What exactly is science for and what can it really tell us? Answers to this get thrown about the place all the time. No sensible person could deny that science is the only way to tackle questions like “How did the earth come to be?” and “What is the shape of the universe?” but what’s more up for debate is whether science can answer the “why” questions. Why are we here? Why is this right? Why did he have to die?
It was an article in the latest issue of New Humanist that got me thinking about this. The article, by a physicist, argued that physics can answer the “why” questions- specifically the question of “why are we here?” The author, Michael Brooks, explains, “We can’t delve straight into the question of why we are here, of course; we have to split it into bite sized parts” It’s here that I feel he, and others like him, miss the point. Breaking the thing up into empirical questions destroys the point of the question to begin with.
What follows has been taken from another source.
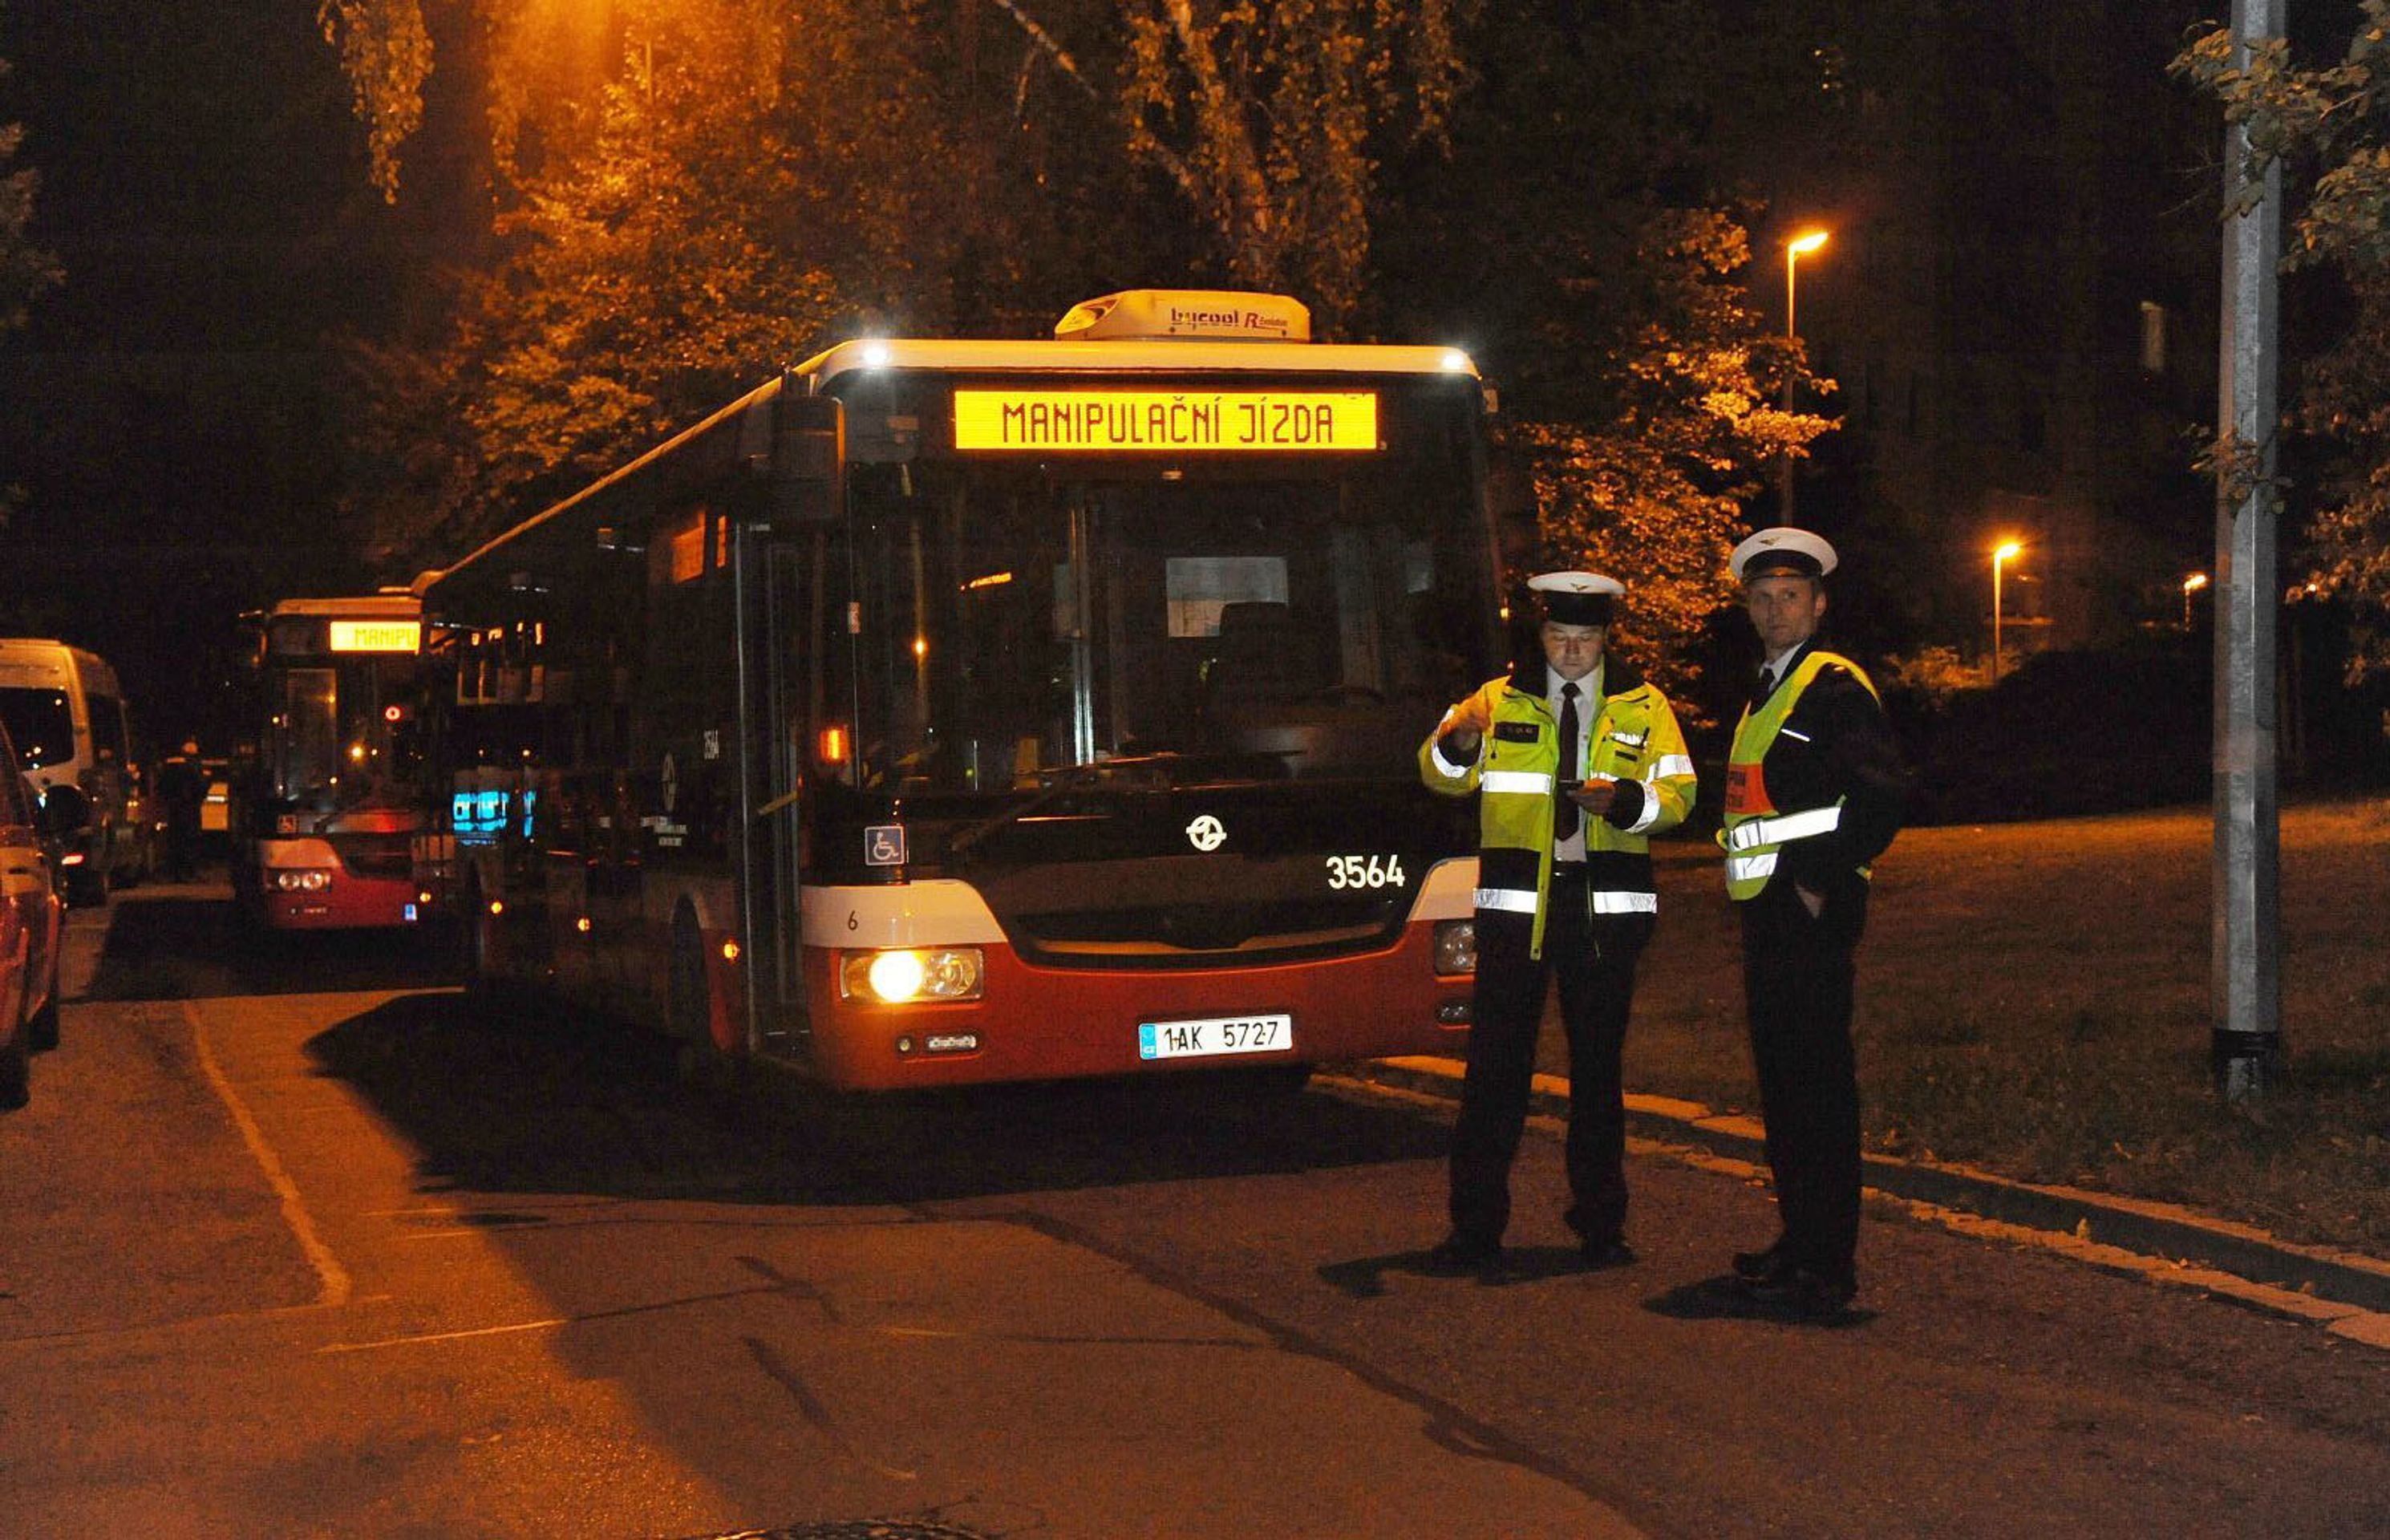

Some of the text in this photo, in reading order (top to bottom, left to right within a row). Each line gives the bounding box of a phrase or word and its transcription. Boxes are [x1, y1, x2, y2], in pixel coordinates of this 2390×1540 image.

So am I committing scientific heresy? Well, maybe. But I don’t think science has ever really been intended to answer this kind of question. When we ask “why are we here?” we don’t want to know by what mechanism we came into existence, we want to know what our purpose is, or if we can even have such a thing. This is a question we can’t just break down into chunks; we have to swallow it whole. Science may provide an answer but it will be an answer to a question that no one really asked in the first place. To steal from Wordsworth- we murder to dissect. Maybe this is why the answers tend to be so big, and so varied, because we just have to make some all encompassing statement (like “God did it”) or stay quiet.
I choose to stay quiet.
If grand statements of faith just don’t feel right and statements of empirical fact just dodge the question, it’s perfectly reasonably to say we don’t have a clue why we’re here, or even if the question itself makes much sense. There’s nothing unscientific about that, it’s just reasonable.
So why do we do science? Well firstly, many important questions are empirical, even if The Big One isn’t. But I don’t think there’s any harm in stating that, you know, it’s just awesome. In my General Relativity lectures today we started warping spacetimes. Warping spacetimes. With just pen and paper. That’s cool as hell- as far as I concerned, that’s more than enough reason for science.